Based on the progressive changes and abnormal clinical presentation observed during P. major post-hatch growth, the present study developed an objective ranking system which defined the onset and progression of WB. Relative growth rate and relative growth changes in the weight of the P. major and P. minor are presented in Figure 5. The distinct myopathic changes associated with age and relative growth are indicated on the day in which they were initially observed (Figure 5), starting with the onset of WS on day 16. On day 18, was the initial onset of SM and surface (epimysium) petechial haemorrhages followed by deep intramuscular haemorrhaging (bruising) on day 21.

Figure 5. Relative growth rate and relative growth changes in P. major and P. minor breast muscles ([Actual weight−initial weight (day 9)]/initial weight (day 9) × 100). Grossly observed myopathic changes associated with age and relative growth are indicated above the day in which they were initially observed. WS = White striping WB = Wooden breast DPM = Deep pectoral myopathy.

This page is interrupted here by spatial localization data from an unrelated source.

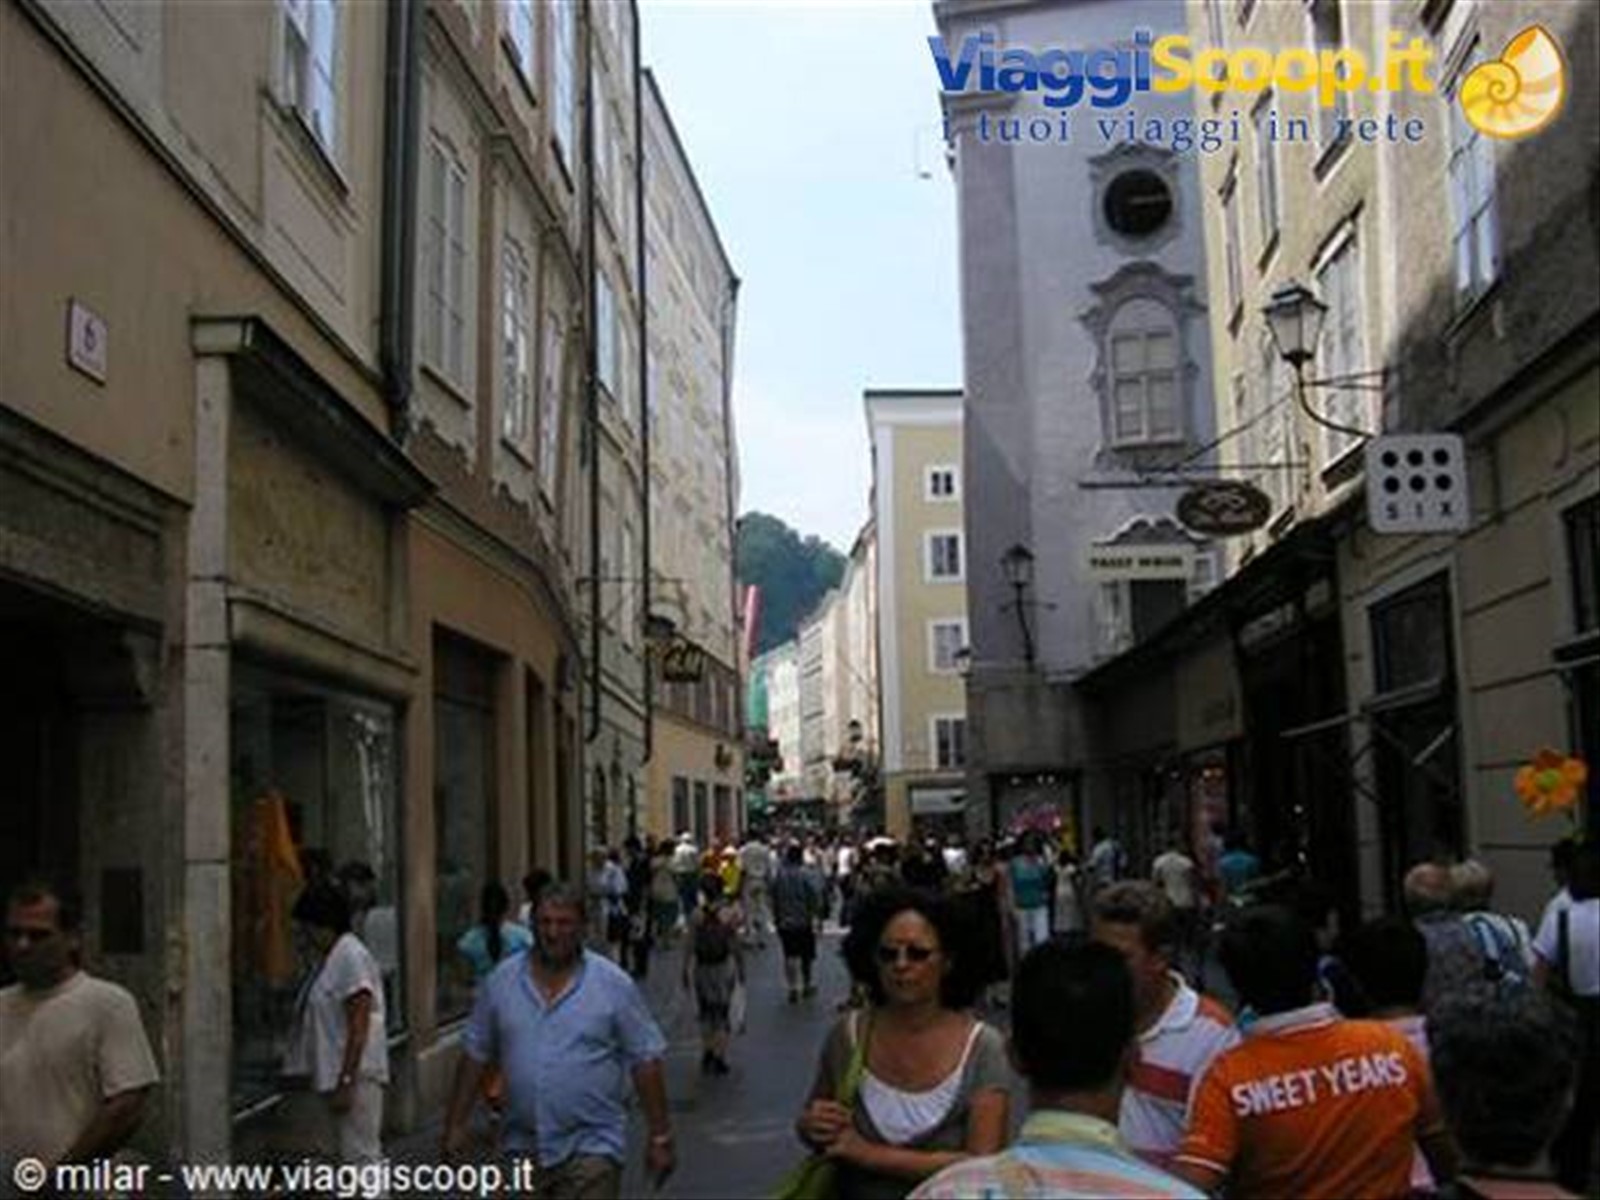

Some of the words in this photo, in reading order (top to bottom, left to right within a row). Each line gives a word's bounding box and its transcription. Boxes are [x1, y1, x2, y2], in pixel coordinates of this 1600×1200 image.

[1385, 501, 1453, 520] SIX
[1231, 1068, 1317, 1117] SWEET
[1320, 1051, 1407, 1096] YEARS
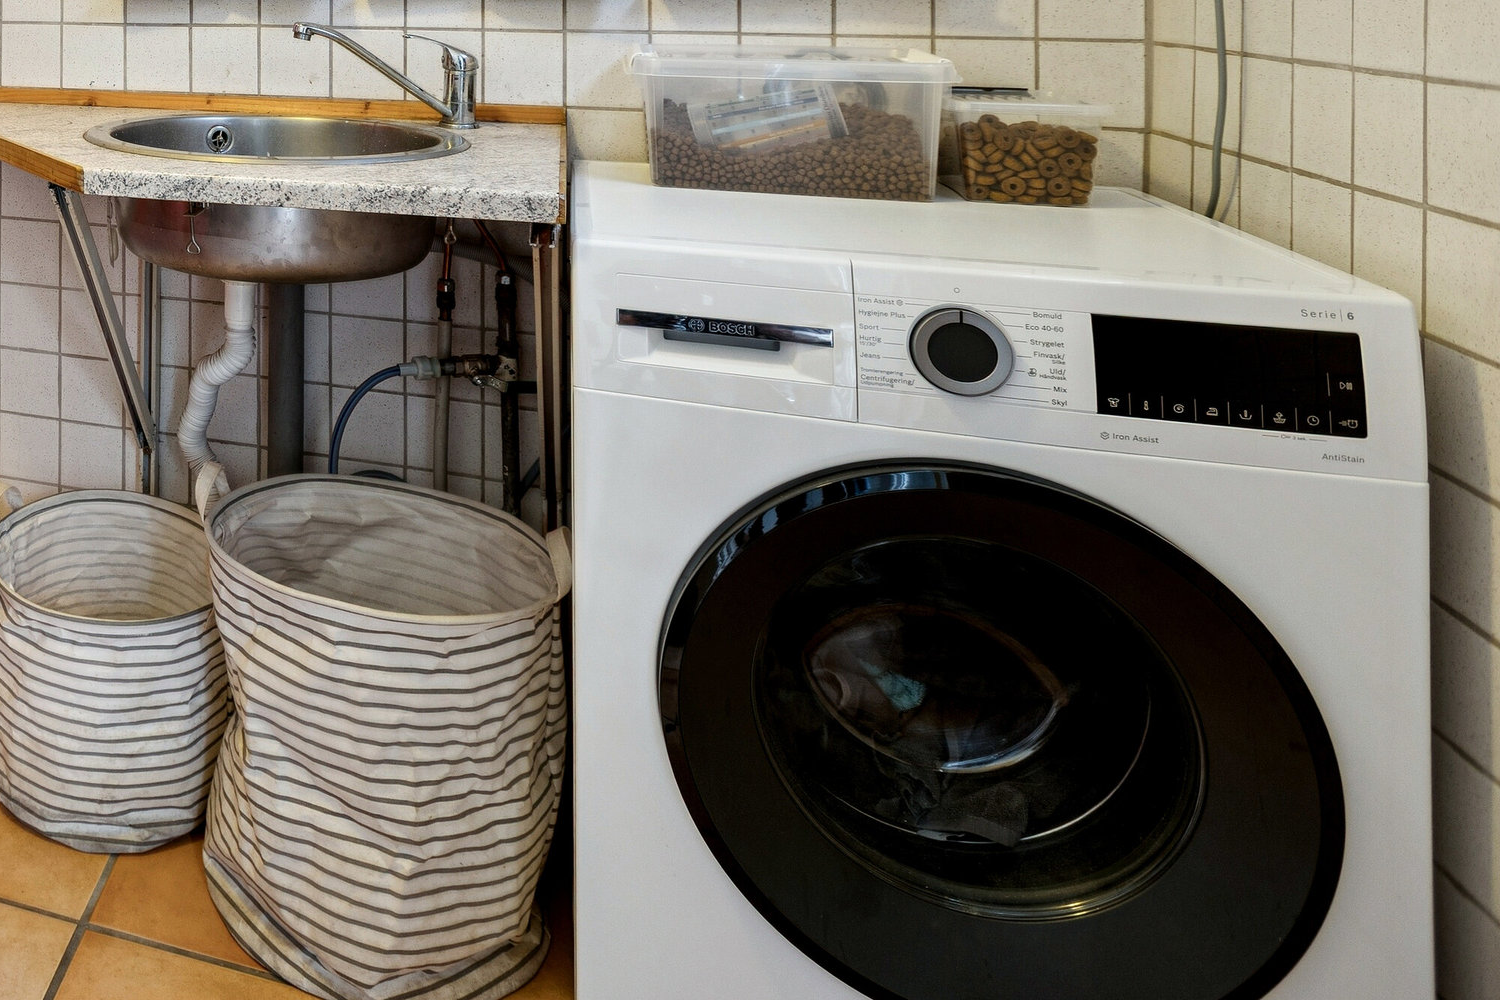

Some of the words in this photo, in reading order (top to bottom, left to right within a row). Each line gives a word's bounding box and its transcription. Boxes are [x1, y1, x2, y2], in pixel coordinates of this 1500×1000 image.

[858, 310, 888, 318] Hygiejne
[1033, 312, 1062, 320] Bomuld
[1301, 308, 1336, 320] Serie
[709, 320, 755, 336] BOSCH
[859, 323, 879, 331] Sport
[1025, 323, 1039, 331] Eco
[1041, 325, 1064, 333] 40-60
[859, 335, 882, 343] Hurtig
[1030, 339, 1065, 348] Strygelet
[1034, 351, 1065, 360] Finvask/
[1052, 399, 1067, 407] Skyl
[1112, 433, 1130, 442] Iron
[1133, 435, 1160, 444] Assist
[1322, 453, 1365, 463] AntiStain

SM myopathy has been previously shown to be associated with WS (Baldi et al., 2017). In the present study, the initial onset of SM occurred after (day 18) the initial onset of WS (day 16) and coincided with the initial onset of epimysium haemorrhages. Throughout the remainder of the study and after a thorough study of the numerous photographs over the course of the experiment, it became clear that the occurrence of the SM myopathy was highly variable among birds and often difficult to detect visually in the photographs. In contrast, epimysium haemorrhaging progressed in a consistent pattern with growth/age. Given the nature of the study, and the aim to objectively define ranks, for these reasons, SM was not included as a rank determinant. However, the timing of SM onset, relative to WS and WB, could perhaps prove useful in subsequent studies.

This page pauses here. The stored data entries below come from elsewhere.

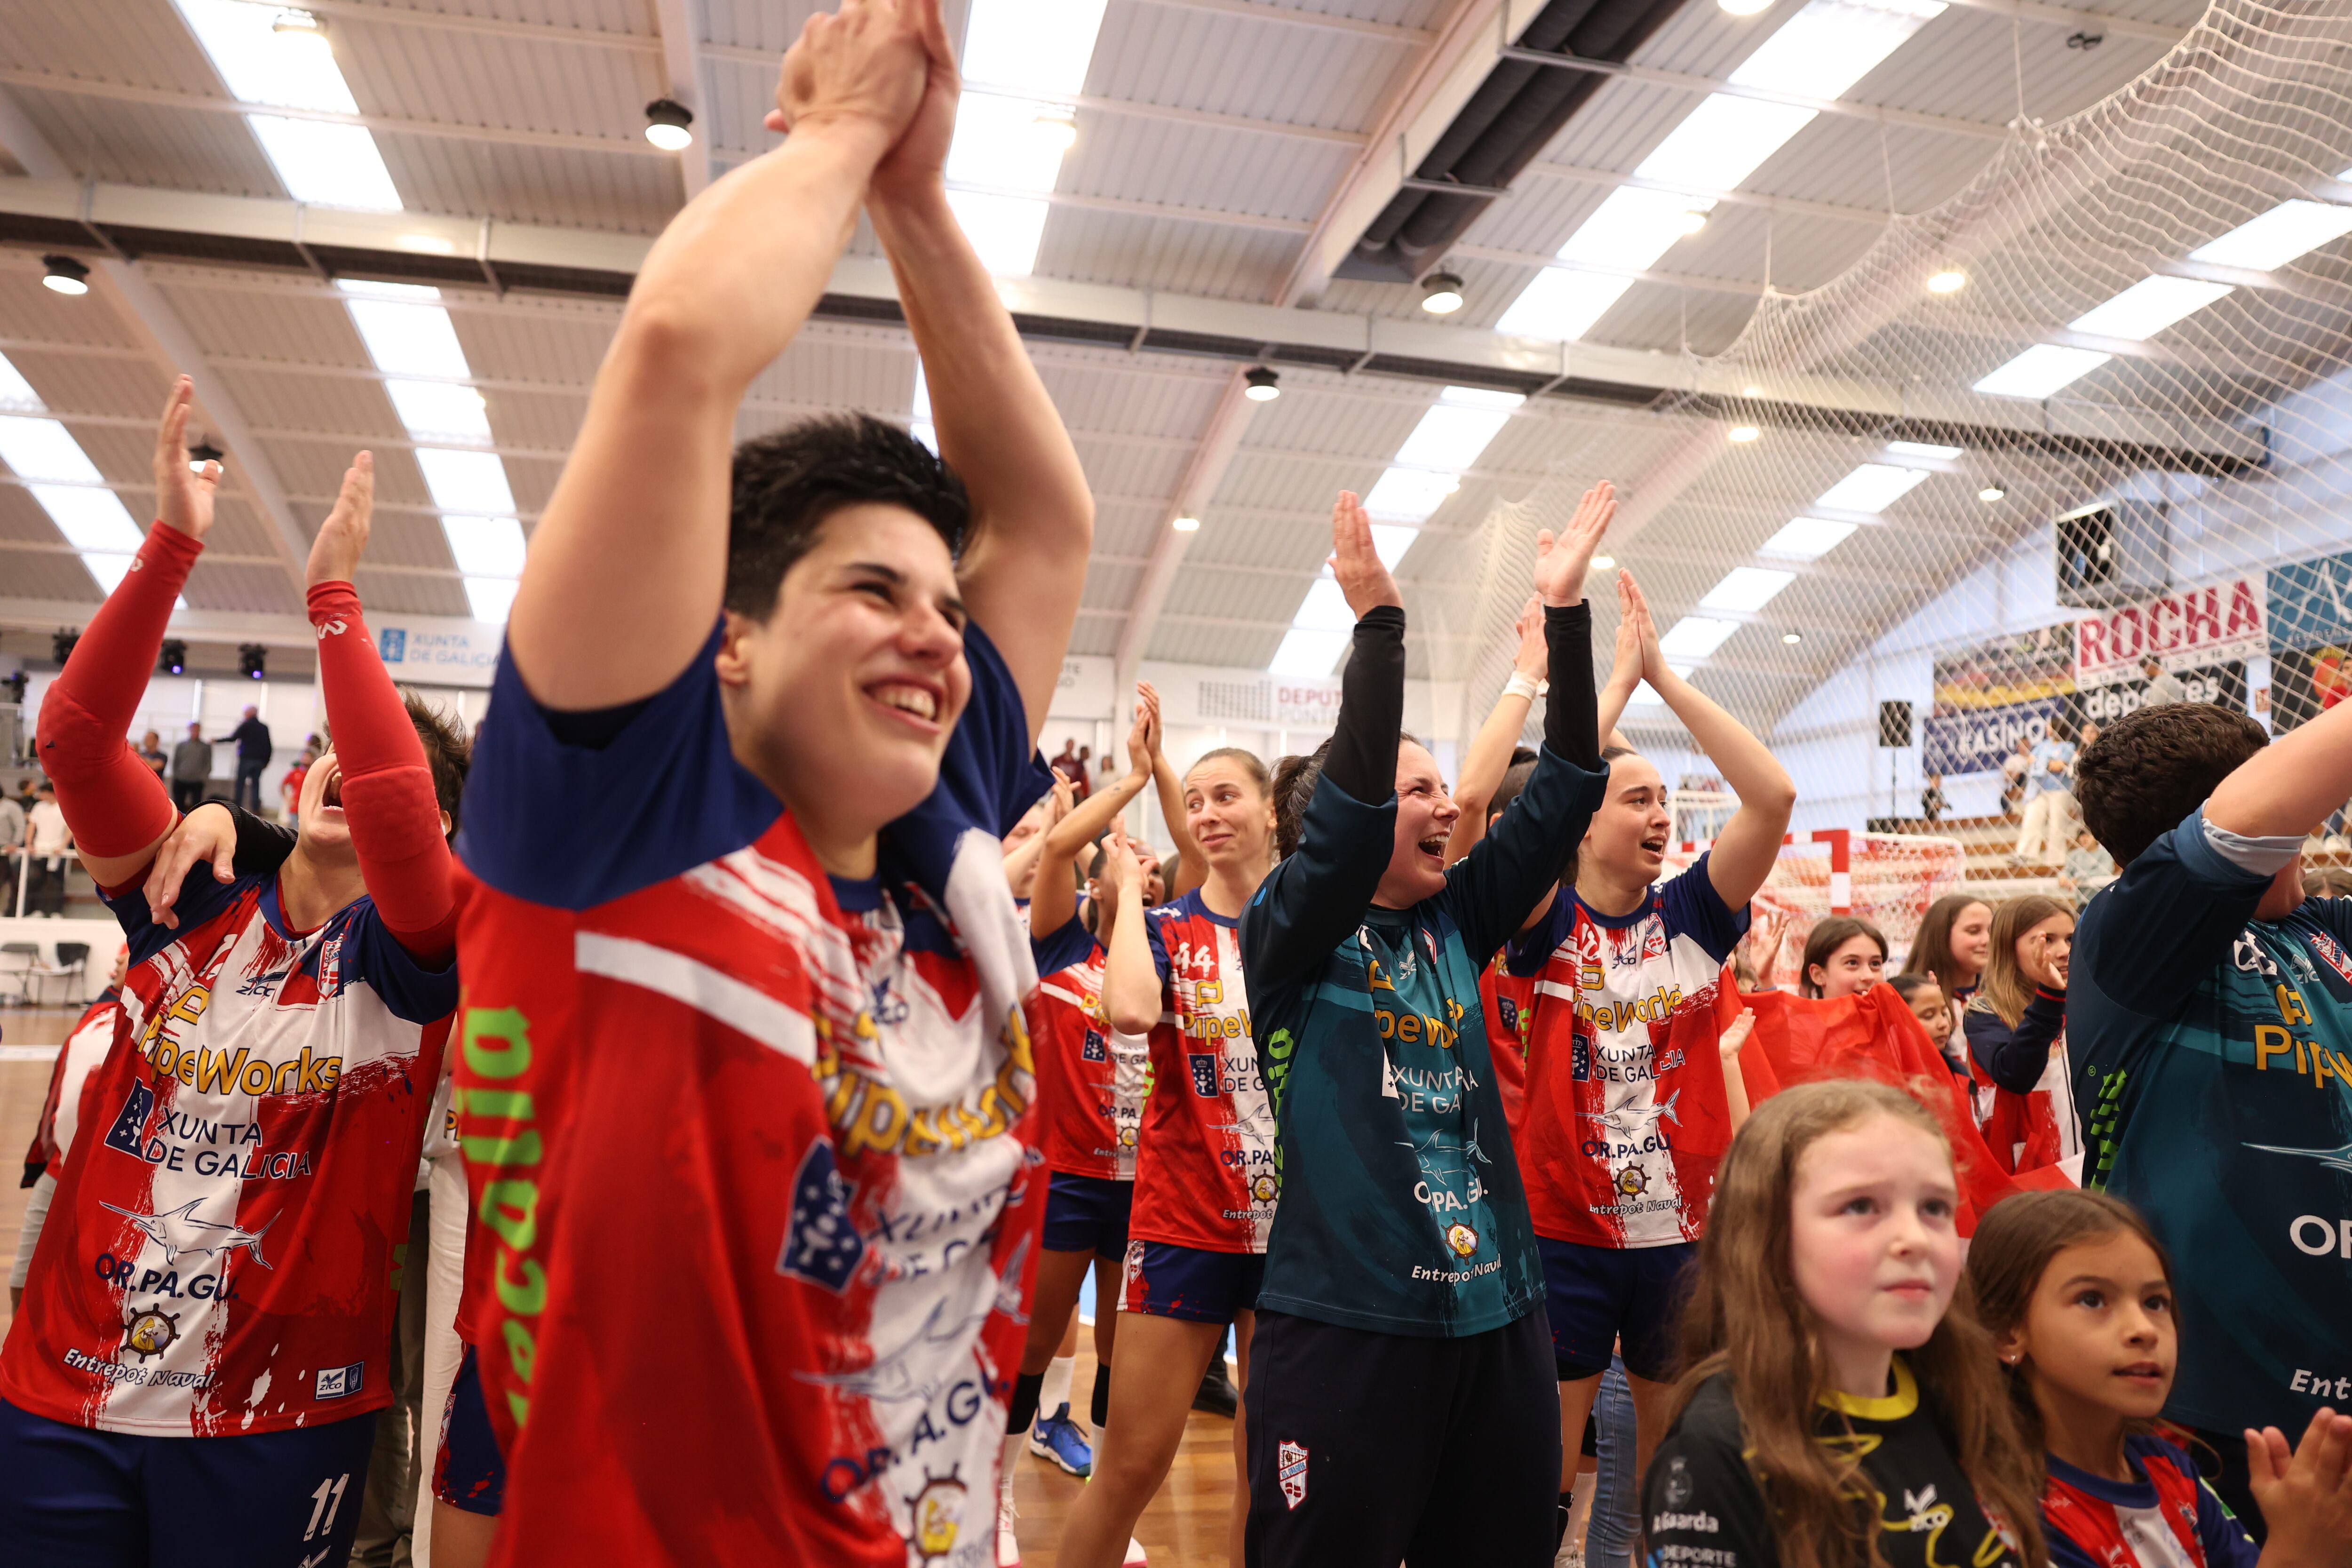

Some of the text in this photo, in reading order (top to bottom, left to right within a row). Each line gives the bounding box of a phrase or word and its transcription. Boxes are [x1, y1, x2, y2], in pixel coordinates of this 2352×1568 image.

[2079, 581, 2262, 667] ROCHA
[410, 648, 431, 662] DE
[1594, 1043, 1656, 1063] XUNTA
[1596, 1048, 1685, 1082] DE GALCIA
[1224, 1077, 1248, 1092] DE
[156, 1106, 262, 1147] XUNTA
[143, 1135, 311, 1179] DE GALICIA
[1222, 1209, 1273, 1222] Entrepot
[1646, 1195, 1684, 1212] Naval
[95, 1253, 239, 1301] OR.PA.GU.
[63, 1348, 216, 1388] Entrepot Naval
[303, 1472, 350, 1542] 11

Lastly, the first documented case of WB (i.e. rank 4) was noted on day 23 and was characterized as a P. major muscle that was extremely pale in colour with a ridge-like bulge on the caudal end. More severe cases of WB were observed from day 30 onwards and included prominent changes in muscle shape (firm and flat with a prominent ridge on the caudal end), interstitial viscous fluid accumulation and severe haemorrhaging (surface and intramuscular). In the most severe cases, affected muscles were completely void of vascularization throughout the entire P. major muscle with a thick, viscous yellow interstitial exudate surrounding the muscle. Other characteristically severe cases included breast muscles that were nearly completely covered with thick white striations (WS), displacing the surrounding epimysium with a thick collagenous layer, some with extreme haemorrhaging, where the white striation coverage was largely red in colour due to the extent of petechial haemorrhaging associated with the WS.

The most common method reported amongst the literature for detecting WB is via palpable detection of stiff breast muscles in live birds. As such, the present study aimed to determine the day in which live detection was first possible. Using tactile methods, WB was first detected in live broilers on day 42. As mentioned previously in Materials and methods, it was not the intention of the present study to utilize this method as a means to detect WB severity, as the majority of birds by this age exhibited mild to severe myopathies (rank 3 and 4). Rather, the intention was to determine the age at which live detection was possible for relative comparisons to the underlying aetiology of myopathic progression occurring in the P. major reported herein.

As shown in Figure 5, the P. minor and Gastrocnemius muscles underwent similar myopathic changes during later stages of growth, starting with the initial observation of WS on day 32. The first reported case of DPM in the P. minor was on day 35. Lastly, on day 46 the P. minor exhibited WB-like abnormalities (i.e. rank 4), as a grossly pale muscle with a ridge-like bulge at the caudal region.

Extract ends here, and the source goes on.